To make pure rye bread, you don't have a lot of practical home options if you want it to rise significantly. The common approach is to use a sourdough starter as leaven and preferment a rather large quantity of dough overnight. The acid production will alter the chemistry to inactivate the element that inhibits rising. You use sourdough starter because regular yeast suffers in this environment.
But you get rye flavor and rood rising by combining wheat flour. Two parts wheat to one part rye, and you can usually get away with half and half, but it doesn't add that much more rye flavor, and you give up a lot of gluten needed to rise a yeast bread.

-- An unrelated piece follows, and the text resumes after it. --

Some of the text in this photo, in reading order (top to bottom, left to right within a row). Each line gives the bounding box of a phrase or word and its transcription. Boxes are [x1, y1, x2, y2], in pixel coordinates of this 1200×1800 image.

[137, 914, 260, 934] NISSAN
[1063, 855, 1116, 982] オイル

Part of the difficulty of answering is not knowing the recipe(s) you tried and not knowing the details of how you handled the process and things like the conditions of proofing, kneading, etc, or how much bread making you've done. If you're already trying a more or less normal recipe with more wheat than rye, consider a period of letting the dough sit for 20 to 30 minutes before kneading. This is a period of autolyzing in which the dough becomes more ready to form strong gluten structures during kneading. If the kitchen is cold, provide a better environment for rising. You can just turn your oven on for one minute and then turn it off. That generally creates about the right temperature. You might also take care that you're not using too much salt. Salt inhibits yeast growth. We normally want some inhibition, but too much salt can be harmful, especially in a rye dough.
But, no. If you're going for a yeast bread that is substantially rye, it won't rise as much as wheat breads. And, as always when experiencing rising problems, test the yeast. Just because it's a new packet doesn't mean it's good.